L’antico detto popolare, infatti, veniva usato per mandare gentilmente “a quel paese” qualcuno che si vantava un po’ troppo; perché a Baggio (quartiere della zona 7 di Milano, comune autonomo fino al 1923) un organo vero e proprio non c’era! Non potendosene permettere uno, i parrocchiani lo fecero dipingere su un muro interno della chiesa di Sant’Apollinare, facendo così nascere il detto, che allude a chi si vanta tanto di qualcosa pur sapendo di non possederla, un falso o uno sbruffone.

Col tempo, però, le cose sono cambiate, e dalla seconda metà dell’Ottocento anche Baggio ebbe il suo organo, per avvicinare i fedeli a Dio anche con il tramite della musica, allietandoli e ispirandoli allo stesso tempo durante le funzioni. Purtroppo il tempo l’ha reso bisognoso di restauri, e anche questa volta, come un tempo, i fondi scarseggiano, non facendo però perdere d’animo i cittadini, che si stringono intorno a quest’oggetto (o anche all'idea, al mito, che ha assunto) simbolo un po’ della propria identità e della voglia di ricominciare. Non solo tutelare un simbolo identitario, avvicinando chiunque alla musica, ma consapevolezza e determinazione di salvare l’antico borgo (citato da Jannacci nella sua “Prendeva il treno”), che dopo un periodo di degrado è stato interessato negli ultimi anni da un intervento di riqualificazione, grazie anche alla stretta vicinanza col Parco delle Cave.

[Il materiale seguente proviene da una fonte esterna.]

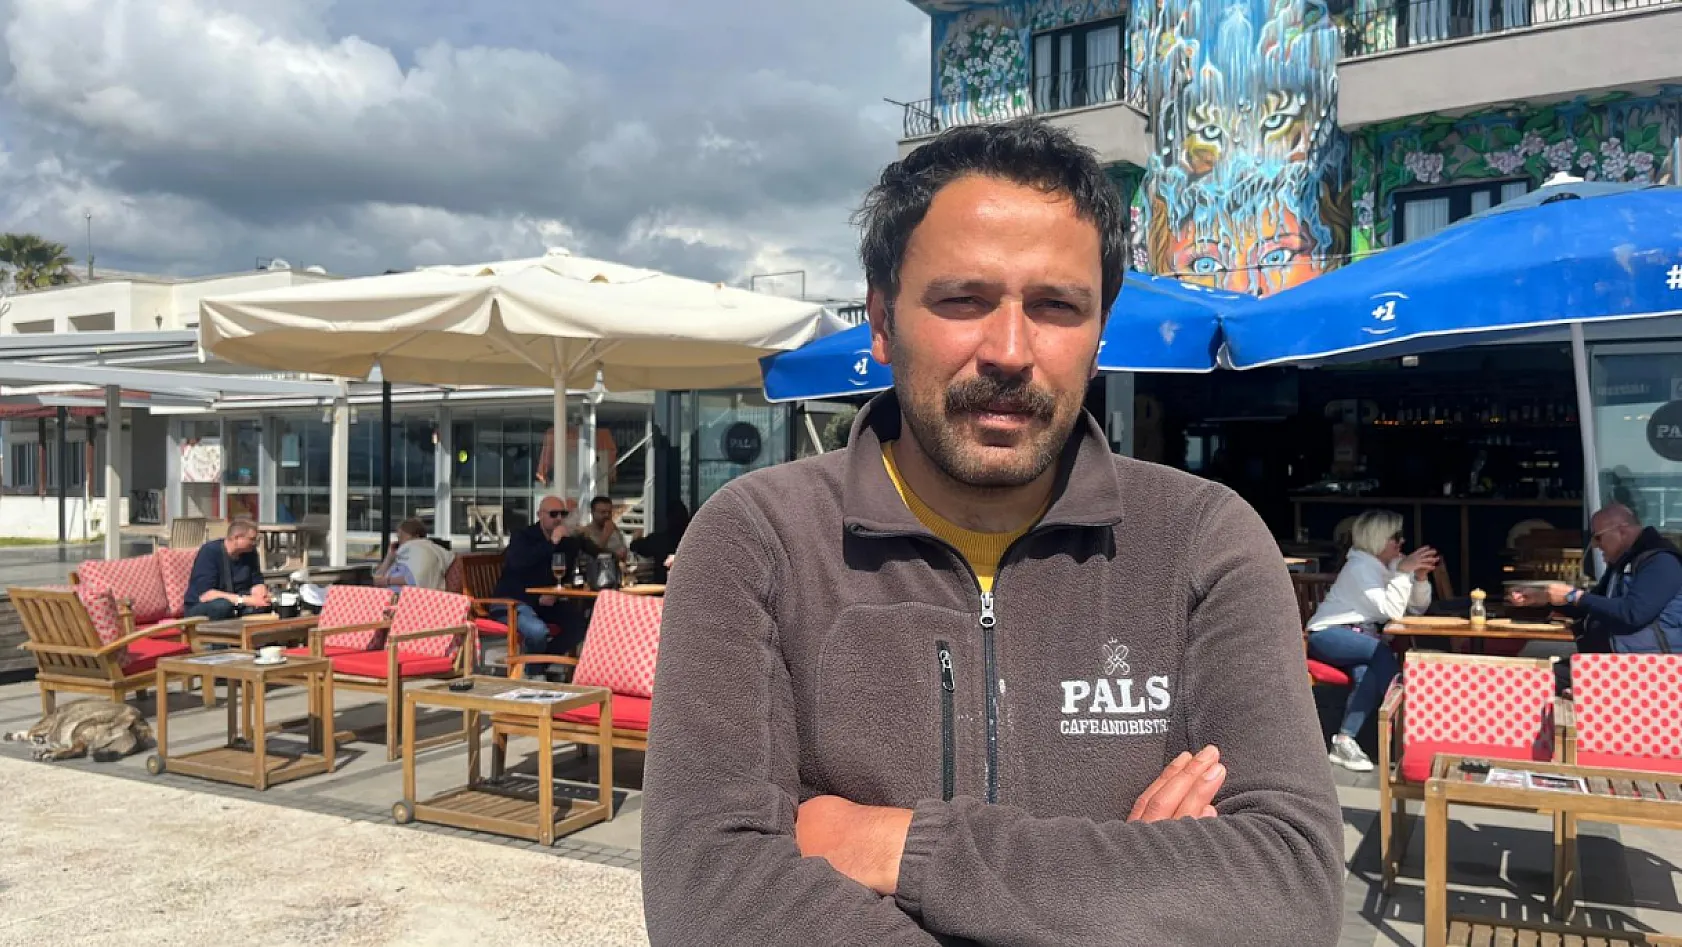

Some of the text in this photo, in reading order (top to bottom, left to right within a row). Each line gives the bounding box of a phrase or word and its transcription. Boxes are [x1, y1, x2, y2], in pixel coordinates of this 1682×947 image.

[1371, 300, 1396, 321] +1
[1061, 675, 1171, 713] PALS
[1060, 718, 1171, 735] CAFEANDBISTR

Con questi presupposti viene istituita la “Primavera di Baggio”, stagione concertistica internazionale giunta oggi alla 2° edizione, diretta dai pianisti Davide Cabassi e Tatiana Larionova.

lewis carrollQuattro appuntamenti musicali che si svolgeranno in altrettanti venerdì consecutivi, dal 12 aprile al 3 maggio, nella chiesa vecchia di Sant’Apollinare di Baggio. Il titolo scelto per questa edizione, caratterizzata dai concerti di artisti così importanti e proposti fuori dalla consueta realtà del centro, è “ nel paese delle meraviglie”, e ognuno dei 4 appuntamenti musicali sarà dedicato a un capitolo dell’opera di Lewis Carroll. Scelta emblematica e ricca di significati, perché i 4 programmi sono infatti caratterizzati dal ribaltamento delle gerarchie e dalla contaminazione dei generi. Da Mozart a Bach, a Faurè, Stravinskij, Kapustin, Wolf e Bartòk, solo per citarne alcuni.

Questi gli appuntamenti:

  • venerdì 12 aprile                  “Nella tana del coniglio
  • venerdì 19 aprile                  “Un tè fuori di sé
  • venerdì 26 aprile                  “Le aragoste fan quadriglia
  • venerdì 3 maggio                 “Attraverso lo specchio

Novità di quest’anno le “giornate off”, che si svolgeranno il giovedì prima di ognuna delle 4 serate musicali, per annunciarne e contestualizzarne i brani. Durante tutta la rassegna, inoltre, il pittore milanese Gabriele Poli, diplomatosi all’Accademia di Belle Arti di Brera, esporrà le proprie opere nella chiesa di Sant’Apollinare.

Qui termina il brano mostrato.